Albemarle County parent Mark Lorenzoni took little notice of his children's knapsacks until three years ago, when his then 9-year-old son, Adrian, left his bag in the middle of a room.

"It was on the floor, and I tried to kick it out of the way," Lorenzoni said.

"It didn't move, and I lifted it up."

Stunned at its heft, Lorenzoni weighed the bookbag, which came in at 21 pounds - nearly a third of his 69-pound son's weight.

Backpacks, which according to doctors should weigh in at 10 percent to 15 percent of their owner's weight, are often 25 percent to 35 percent, pulling backs and necks out of whack.

Led by Lorenzoni, a "backpack task force" of concerned Albemarle parents, teachers, principals and nurses is taking steps to remedy the situation.

Young children are seeing chiropractors and other doctors for spine and neck problems, they report.

The long-term effects of carrying heavy backpacks are unknown because the issue rarely has been studied, Lorenzoni said.

The task force recently put forth a list of suggestions to the Albemarle School Board in an effort to lighten the load.

They include low-cost ideas - allowing elementary pupils a few minutes at the end of the school day to organize their bags - as well as pricier options, such as replacing books with CD-ROMs.

Although task force members admit CD-ROM texts are a ways off for Albemarle, they see the purchase of an extra set of books for classrooms as a possibility.

The problem is particularly bad in elementary and middle schools, where children are apt to bring unnecessary books home from school, Lorenzoni and others say.

"Kids' tennis shoes, their coats, any personal items, they stuff in their backpacks," said Burley Middle School Principal Bernard Hairston, whose son is a seventh-grader there.

Burley is a pioneer in backpack safety, Lorenzoni said, and indeed, the school's rules differ from those the pupils' parents may remember.

Sixth- and eighth-graders, who have less distance to travel than seventh- graders in the four minutes between periods, cannot take their bags to class.

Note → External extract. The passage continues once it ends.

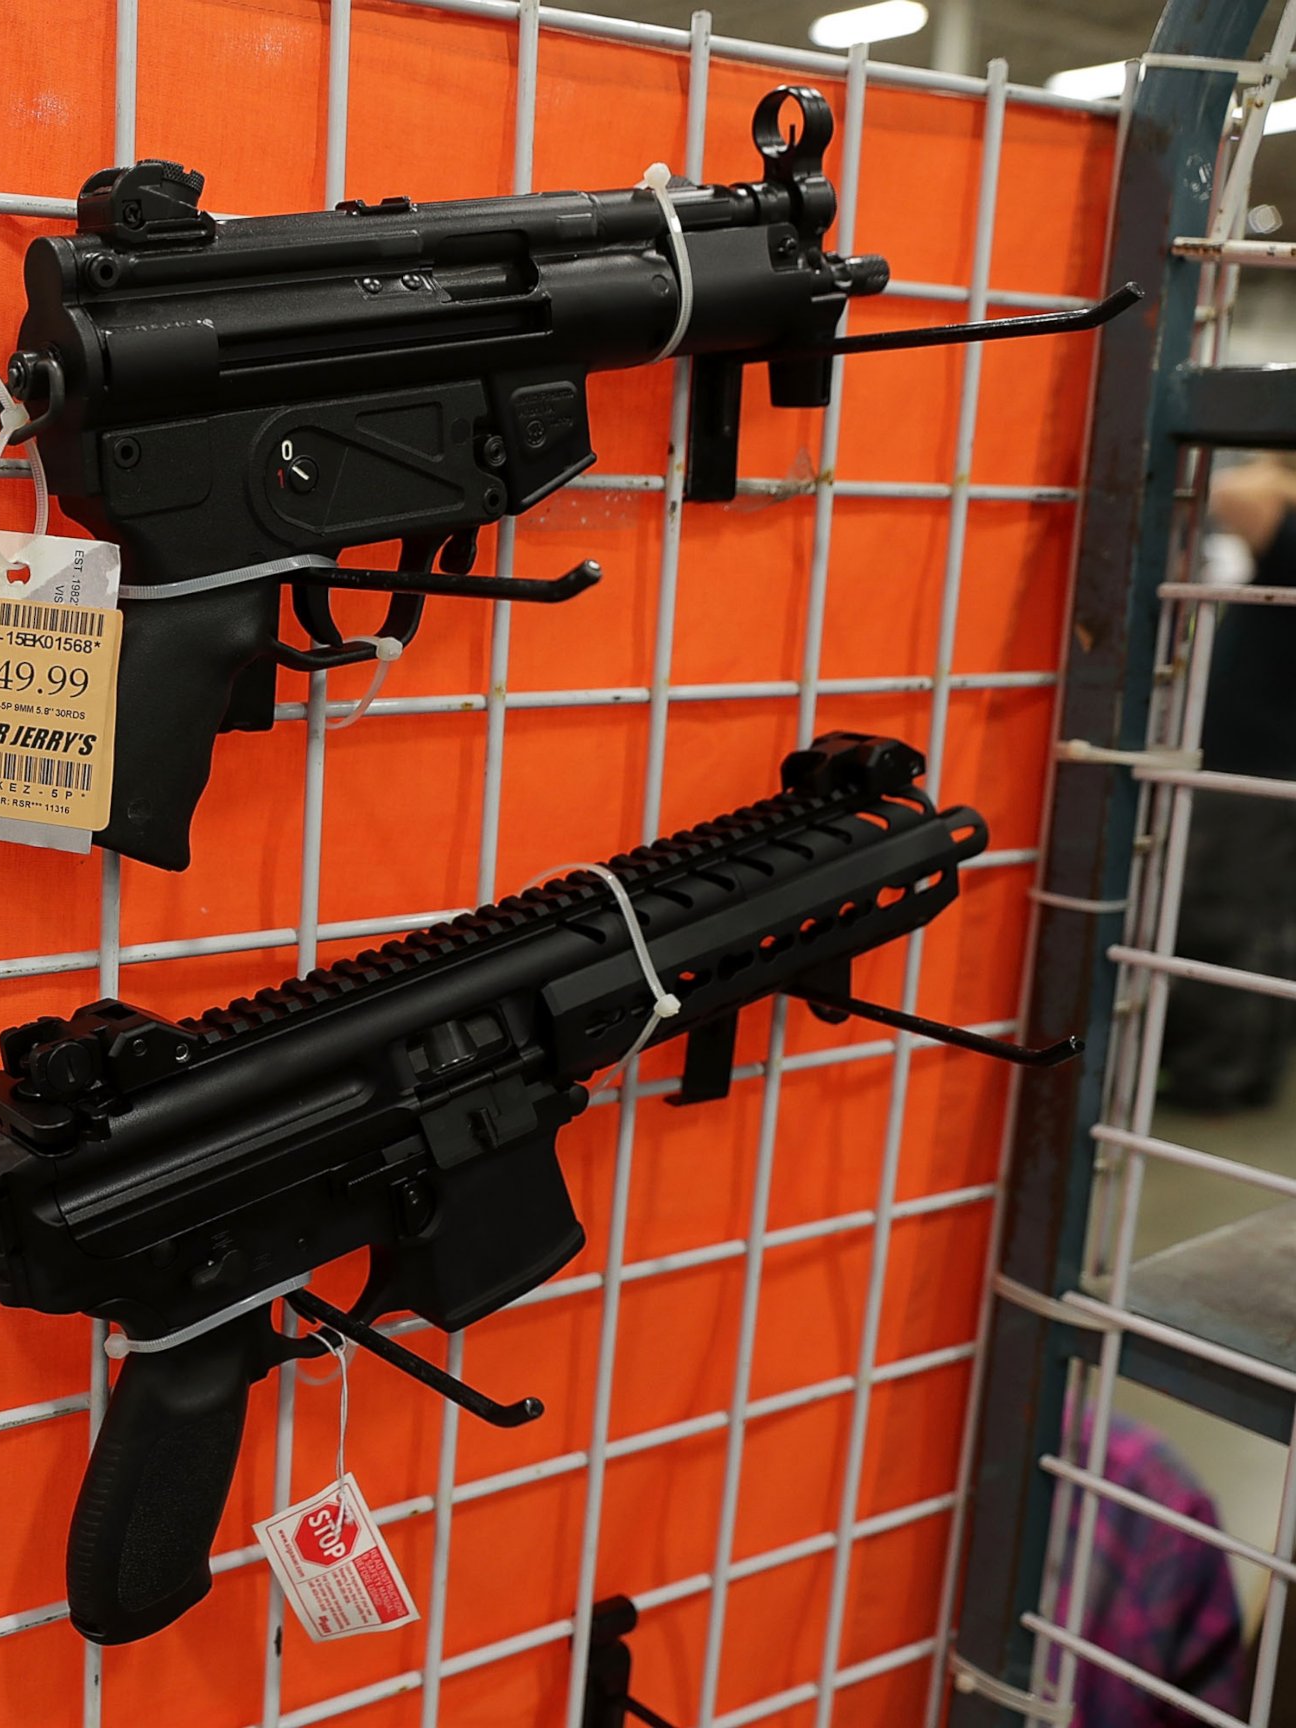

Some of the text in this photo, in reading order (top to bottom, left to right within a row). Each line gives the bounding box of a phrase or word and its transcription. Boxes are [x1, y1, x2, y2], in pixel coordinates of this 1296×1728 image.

Teachers monitor the amount of nightly homework, and sixth-grade science and social studies classes use two sets of texts - one for home, the other for school.

Those rules and a two-day lesson on backpack safety in health classes have made a difference, Hairston said, particularly in the way students carry their bags.

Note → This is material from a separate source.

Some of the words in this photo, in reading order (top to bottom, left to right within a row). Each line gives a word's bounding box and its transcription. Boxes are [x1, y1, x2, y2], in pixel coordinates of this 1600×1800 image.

Many Burley pupils pull backpacks on wheels, and most others place the bags' straps squarely on both shoulders instead of just one, a fashionable method that likely led to back and shoulder harm, Lorenzoni said.

Julia Weed, a Burley science teacher, has noticed that some pupils put the cumbersome wheeled backpacks on their backs, particularly when climbing the stairs.

Other pupils have very large bags in which they carry very large notebooks, the teacher observed.

The situation reminded Weed of an adage: "Beware the big suitcase, because you'll always fill it up."

Alyssa Hatfield, a Burley seventh-grader, said her mother gave her a bag on wheels last year, but it didn't fit in her locker.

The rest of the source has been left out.